We all raise our glasses, “To freedom!”

“Freedom from what?” enquires Tony, “The IRS?”

“Well, I’ll certainly drink to that!” Paul earns more than the rest of us; but he works hard for it with his haulage company and doesn’t flaunt it. He, more than any one of us, needs a weekend away from work.

Over the years, we have settled into a comfortable routine in Vegas. Travel on the Friday, arriving mid-afternoon. Unpack. Meet up in the ‘Silver Moon’ Chinese restaurant for drinks and a meal before hitting the casinos. After being cooped up together on the flight from Des Moines, via Denver, we spend the first part of the evening working the casinos individually, meeting at ‘The Lucky Loser’ around ten for a beer and exchange of the inevitable bad luck stories.

At around half seven we leave the ‘Silver Moon’ and deliberately head off in four different directions. It’s difficult to know if the golden-bottomed clouds are reflecting the Nevada sunset, or the myriad neon signs on the Strip.

Some days you know your luck is vacating elsewhere. After an hour of Black Jack, I know I’m only going through the motions, losing steadily, but not heavily. Gamblers are eternal optimists, and I convince myself Roulette might prove to be more lucrative. Within twenty minutes I know I’ve been a victim of another gambler character trait - self-delusion. I decide to cut my losses and spectate, winning vicariously - the safe refuge of all losers.

I wander slowly to our rendezvous, ‘The Lucky Loser’, feeling dejected, a small fish swimming with difficulty against the tide of humanity that flows unabated down the Strip. Larry and Tony are there already and Paul arrives not long after. A pitcher of beer soon lightens the mood as we share our predictable tales of near misses with good fortune. We console ourselves with the dream that better luck is just around the corner; another forlorn gambler trait.

“I’m down by two hundred,” I confess, head hung.

“Just over a hundred for me. It would have been nearer two but for one big win.”

“You’re doing better than me, Larry. One-seventy-five, and counting. Why do we put ourselves through this each year?” asks Paul.
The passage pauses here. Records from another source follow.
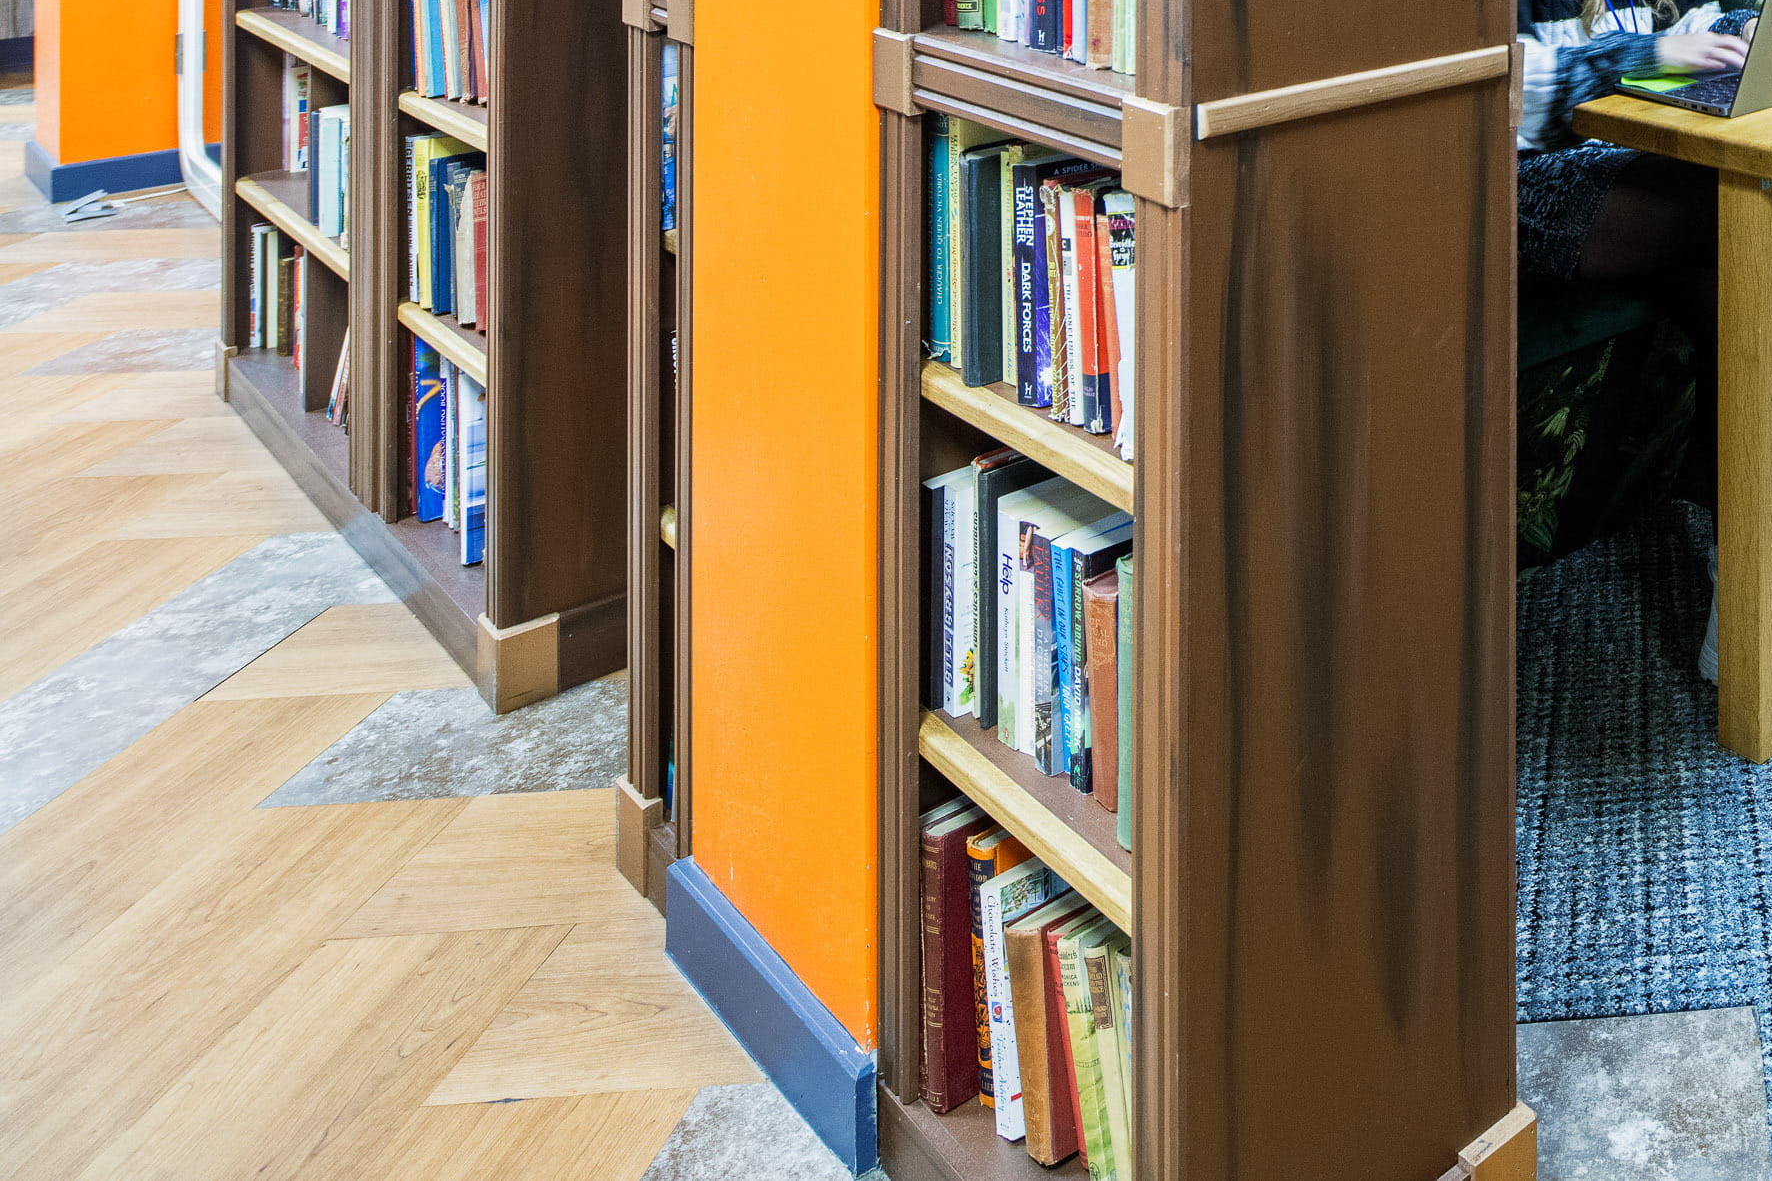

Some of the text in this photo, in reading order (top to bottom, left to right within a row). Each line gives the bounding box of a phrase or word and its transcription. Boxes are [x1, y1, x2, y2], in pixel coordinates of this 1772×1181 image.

[404, 148, 413, 217] GERRITSEN
[1062, 163, 1089, 175] SPIDER
[1015, 187, 1026, 244] LEATHER
[1024, 185, 1034, 247] STEPHEN
[936, 247, 943, 261] TO
[1021, 262, 1032, 354] DARK FORCES
[1066, 307, 1075, 371] LONELINESS
[439, 381, 447, 407] BOOK
[944, 545, 954, 632] BRYSON
[999, 553, 1014, 595] Help
[1034, 545, 1045, 619] FAULKS
[1043, 550, 1051, 622] SEBASTIAN
[1054, 551, 1063, 572] THE
[1056, 577, 1065, 604] FAULT
[1002, 607, 1010, 639] Kathryn
[1059, 621, 1067, 639] OUR
[944, 634, 954, 687] BILL
[1036, 628, 1044, 698] DECEMBER
[1060, 644, 1070, 674] STARS
[1073, 572, 1083, 748] SORROW BOUND DAVID MARK
[1061, 683, 1072, 750] JOHN GREEN
[987, 895, 1001, 998] Chocolate Wishes
Tony answers, “It’s the lure of striking lucky. The promise of a big win. Thought I had it too. One lousy Ace; that’s all I needed. Still, I reckon I’m doing best of all of us at the moment. I’m ahead.”

“By how much?” I ask with excitement.

“A magnificent five dollars, boys.”

“Hey, we always do badly on the first day.”
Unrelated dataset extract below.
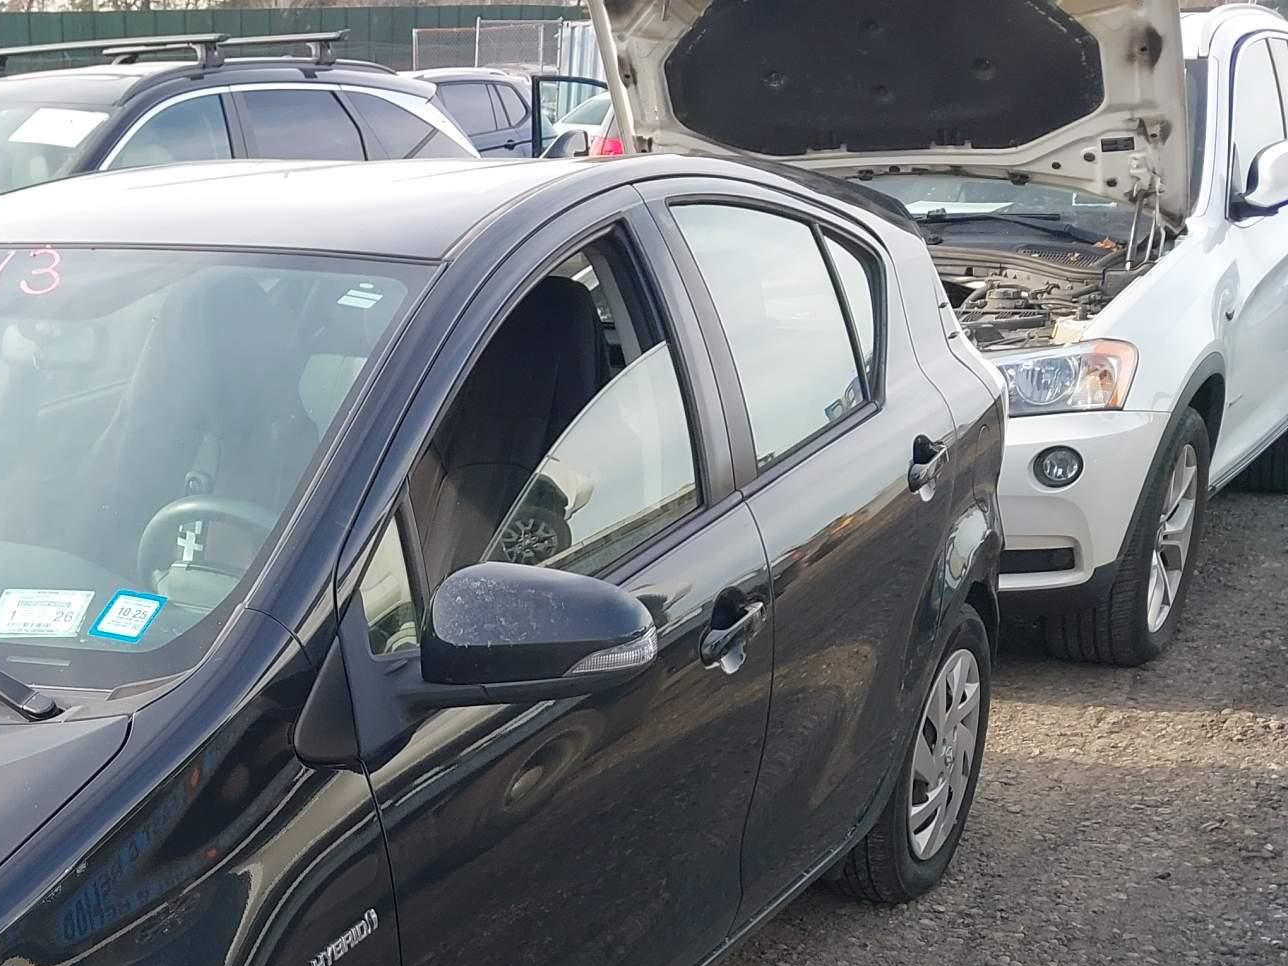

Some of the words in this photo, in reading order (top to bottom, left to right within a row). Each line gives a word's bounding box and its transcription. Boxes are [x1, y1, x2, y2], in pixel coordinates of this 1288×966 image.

“Tomorrow will be better.”

$$$$$$$$$$

Our hotel offers a breakfast buffet until lunch for guests who need to sleep off the excesses of the previous night. The four of us take advantage of this, including several pots of strong coffee.
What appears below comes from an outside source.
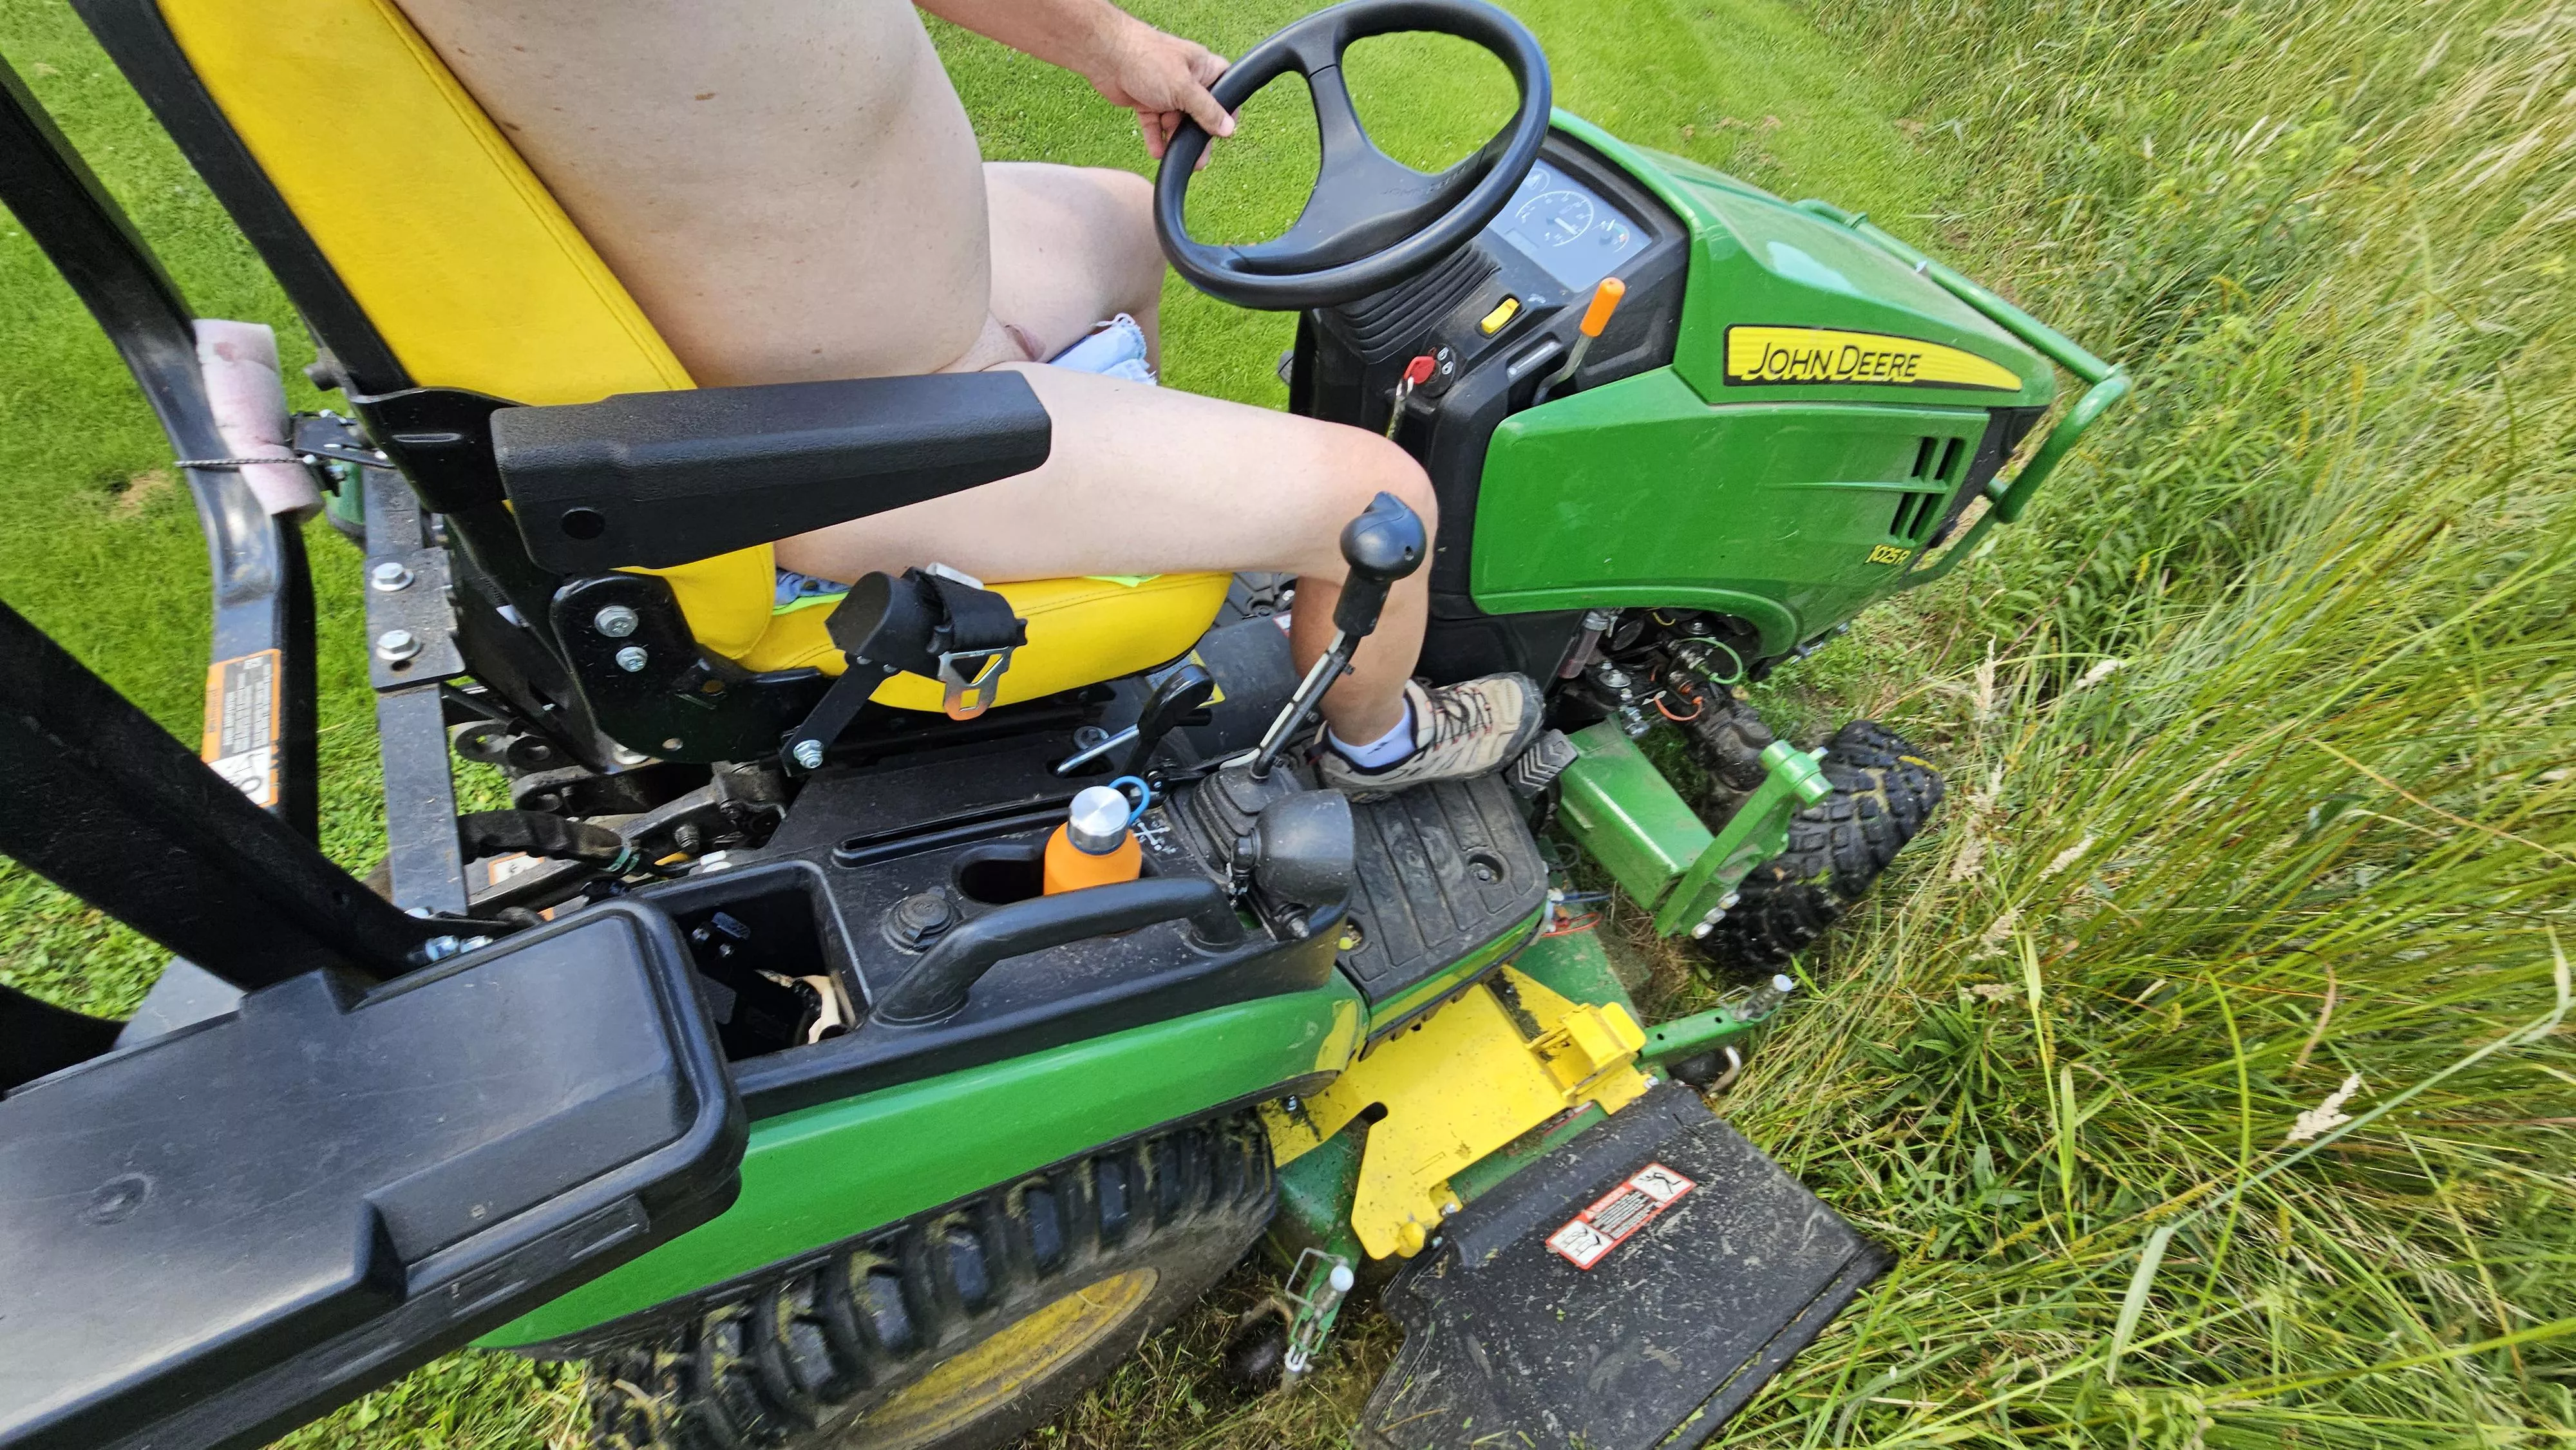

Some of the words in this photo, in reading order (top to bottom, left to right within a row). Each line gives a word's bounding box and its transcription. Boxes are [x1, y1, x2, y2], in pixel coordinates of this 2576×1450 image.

[1747, 342, 1834, 375] JOHN
[1837, 345, 1922, 377] DEERE
[1864, 545, 1911, 565] 1025R
After breakfast we kill some time drinking orange juice by the pool. Larry has brought a deck of cards with him, and we sit round a poolside table, playing poker for peanuts - literally. One bag of unsalted each. It’s the lowest stake of the weekend; a bit of light-relief down-time before we hit the casinos again mid-afternoon. As cheap cigar smoke drifts into the warming air, we relax and reminisce - mainly the football games we’ve seen our sons win.

After an hour, I throw in my last hand and sigh, “I can’t even win for peanuts.”

It’s not long before we quit the light relief and prepare for the main event - Saturday night, Las Vegas style.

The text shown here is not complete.